Let us not become weary in doing good
Human nature can be fascinating and complicated at times, some people naturally think kindness is something completely selfless that we do out of love and compassion for our fellow humans, while others instinctively believe that someone being kind to them is just a manipulative tool that people use to trick others to reap the benefits.
Retirement living, Nursing and Health Care workers usually fall into the first category and choose our industry because much of what we do each day is motivated by a desire to care and serve others. Working in a role that inherently requires kindness and enables a person to make a difference in the lives of others, encourages staff to develop positive feelings about work which fuels genuine job satisfaction and long-term staff retention.

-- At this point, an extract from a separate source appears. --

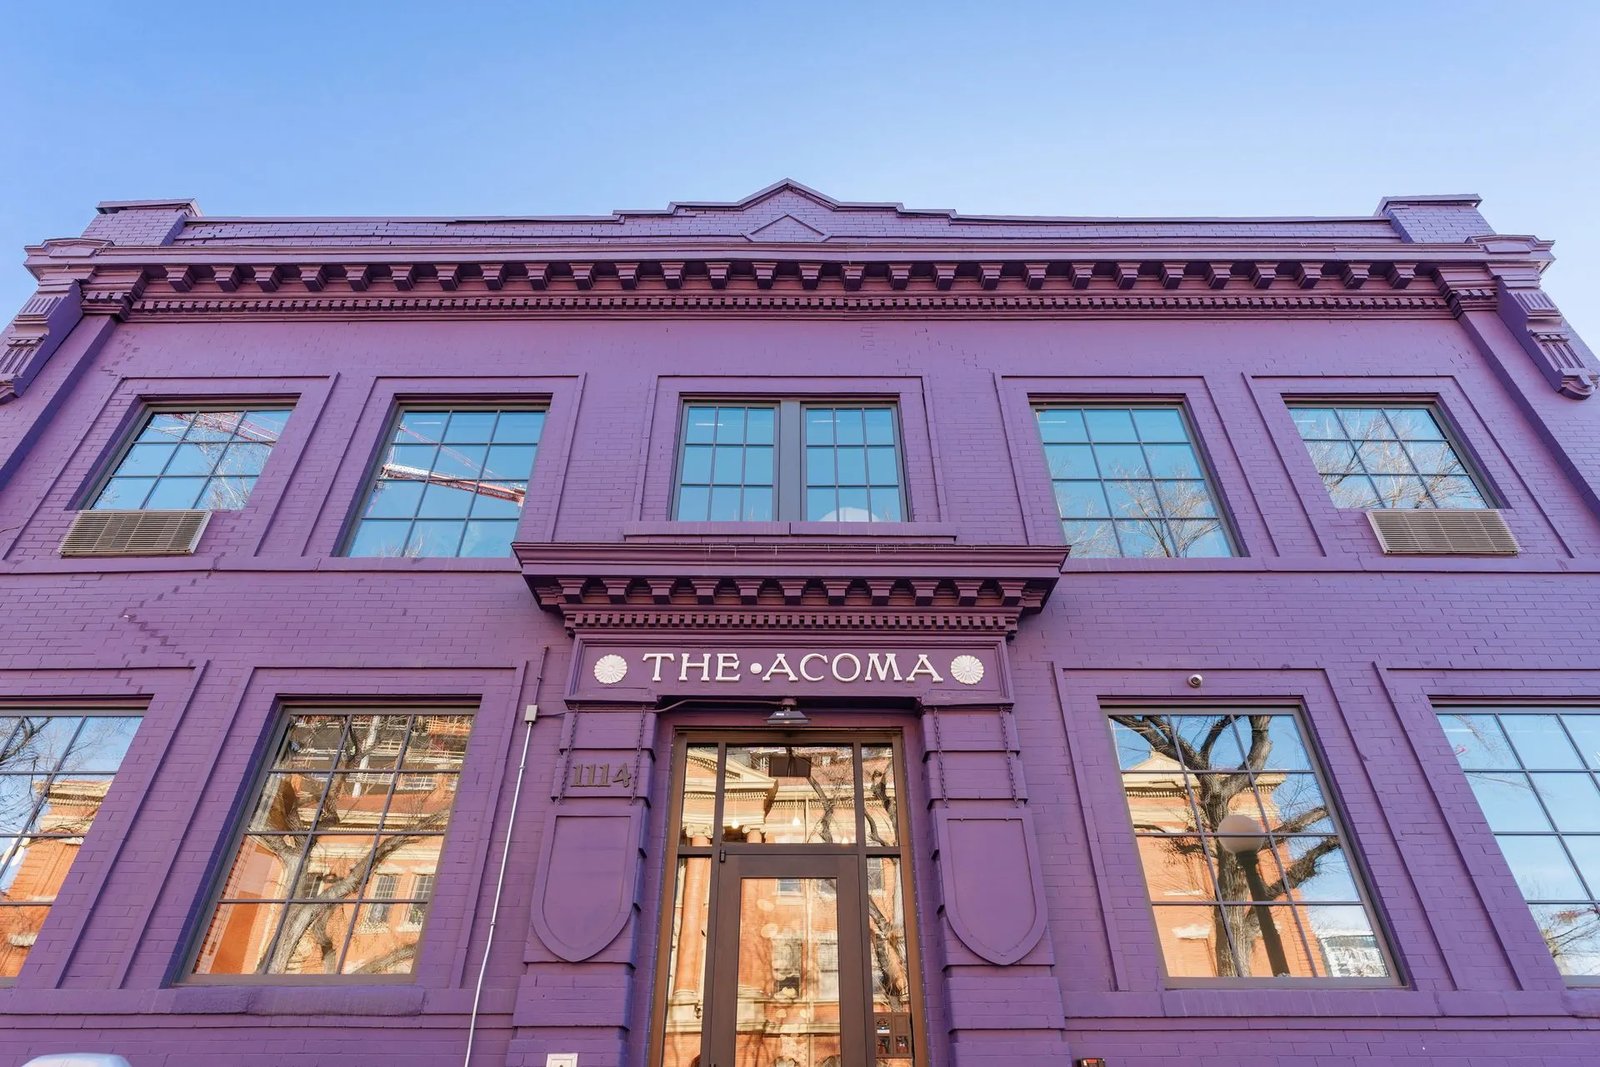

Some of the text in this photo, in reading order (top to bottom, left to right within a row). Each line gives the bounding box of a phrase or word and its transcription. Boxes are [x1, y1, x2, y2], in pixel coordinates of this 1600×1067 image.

Balancing the needs and choices of the more than a thousand of people who receive our services every day can be quite difficult and at times present a real challenge in meeting everyone’s expectations and our own desire to do a good job, care and serve. It can be even more difficult when a person is unhappy and the cause is out of our control.
I recall as a final year student nurse being loudly and aggressively yelled at by a patient who didn’t like the bitter percolated coffee provided on the morning tea round by the catering staff. It was the early 90’s, nurse-to-patient ratios were not mandated, most major hospitals were in budget crisis and 6 acutely ill patients to manage on my own as a student was considered a pretty easy shift. I didn’t have anything to do with preparing or delivering the coffee, in fact I didn’t even have “good coffee for patients” on my radar of critical things I needed to get through on my nursing shift. I had a ward of 6 patients to complete vital signs observations on, medicate, attend to wound dressings, get up with the aid of various frames and devices to move each of them in turn in and out of the single shared ward bathroom to get showered, dressed etc. The bitterness level of the morning tea coffee was not part of my sphere of influence, yet still I found myself apologising for it, looking for extra sugar sachets and trying to work out how to appease the angry patient, settle the rest of the patients on my ward that were now upset at seeing and hearing me being yelled at and when this was sorted still find time to get my actual nursing work done… It was my first real experience of what unfortunately has become common place in society where frontline staff receive blame and sometimes abuse about issues that have nothing to do with their work, role or capacity to influence.
Over the last few months, a number of staff have been confronted by residents, family members or community clients “vigorously” expressing their views on a particular matter that is not within the staff member’s control. Whilst the concern may be real, it is unacceptable to have an encounter with a staff member (or anyone) that leaves them feeling threatened, denigrated, in tears or feel that they have failed in meeting the requirements of their job. Please remember our staff really want to do a great job and feel good about the difference they are making, inevitably sometimes things will go wrong or break down that are out of our control and we do our very best to resolve them as quickly and as best we can. We don’t always get everything right, but we do always go into every situation with a genuine desire to do good.